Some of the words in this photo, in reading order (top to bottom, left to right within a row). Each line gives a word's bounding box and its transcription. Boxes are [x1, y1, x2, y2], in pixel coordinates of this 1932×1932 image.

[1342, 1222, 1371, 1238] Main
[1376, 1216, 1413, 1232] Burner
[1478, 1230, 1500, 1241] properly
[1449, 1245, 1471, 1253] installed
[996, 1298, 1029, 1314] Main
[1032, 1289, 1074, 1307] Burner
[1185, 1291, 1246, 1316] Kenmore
########
*WHAT THE TASK REQUIRES*
Using the data above, output each line exactly.

*RESULT OF THIS TASK*
Some of the words in this photo, in reading order (top to bottom, left to right within a row). Each line gives a word's bounding box and its transcription. Boxes are [x1, y1, x2, y2], in pixel coordinates of this 1932×1932 image.

[1342, 1222, 1371, 1238] Main
[1376, 1216, 1413, 1232] Burner
[1478, 1230, 1500, 1241] properly
[1449, 1245, 1471, 1253] installed
[996, 1298, 1029, 1314] Main
[1032, 1289, 1074, 1307] Burner
[1185, 1291, 1246, 1316] Kenmore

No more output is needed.